[Spatial localization data]
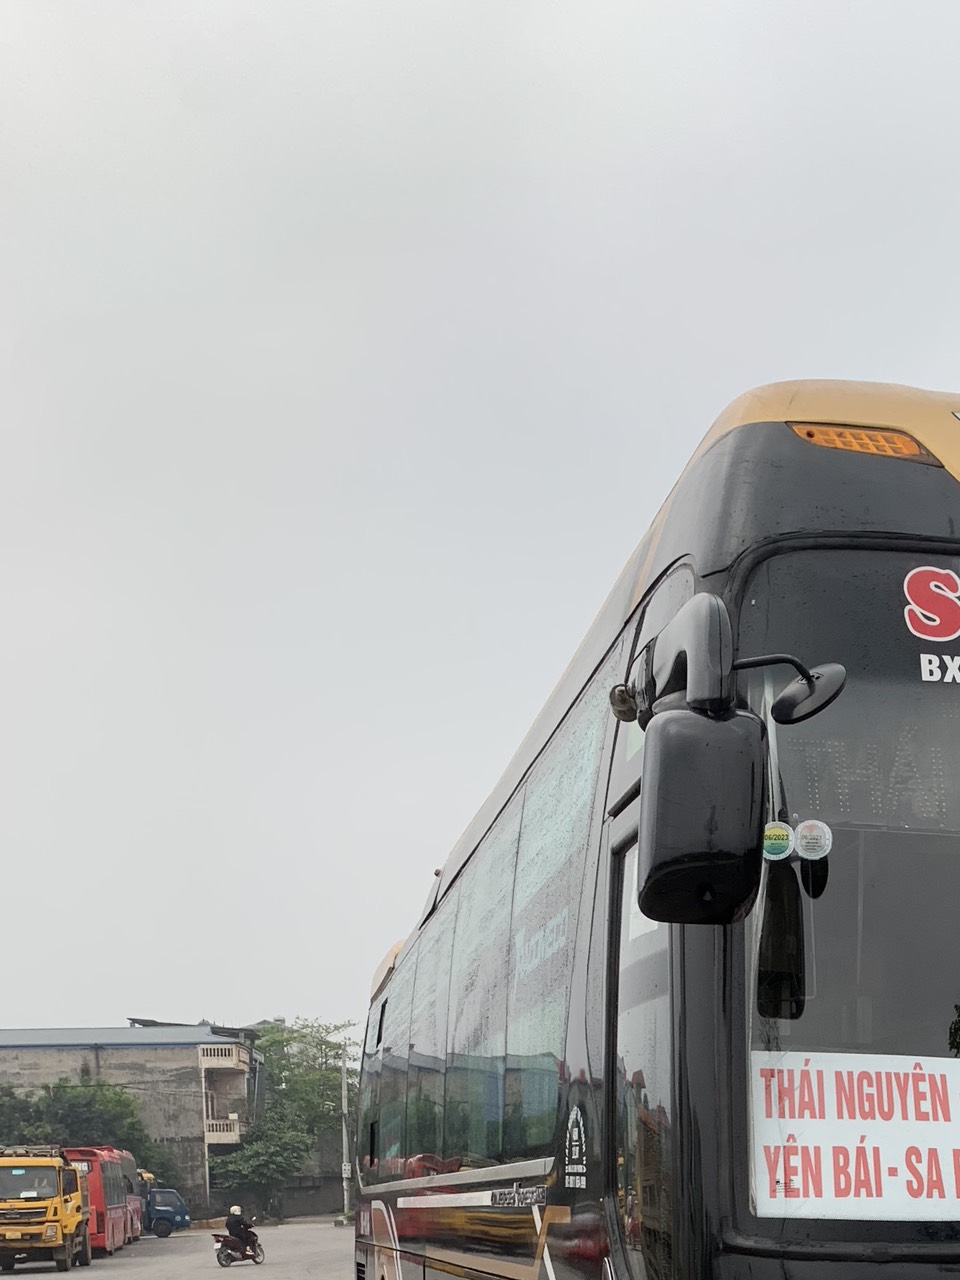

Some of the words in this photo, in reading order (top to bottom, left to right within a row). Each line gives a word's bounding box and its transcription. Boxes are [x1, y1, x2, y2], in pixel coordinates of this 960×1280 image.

[760, 1059, 825, 1119] THÁI
[834, 1063, 951, 1122] NGUYÊN
[763, 1134, 823, 1199] YÊN
[905, 1146, 946, 1199] SA

* [Required action]:
Would you repeat the entries exactly, keeping the images out?

* [Task result]:
Some of the words in this photo, in reading order (top to bottom, left to right within a row). Each line gives a word's bounding box and its transcription. Boxes are [x1, y1, x2, y2], in pixel coordinates of this 960×1280 image.

[760, 1059, 825, 1119] THÁI
[834, 1063, 951, 1122] NGUYÊN
[763, 1134, 823, 1199] YÊN
[905, 1146, 946, 1199] SA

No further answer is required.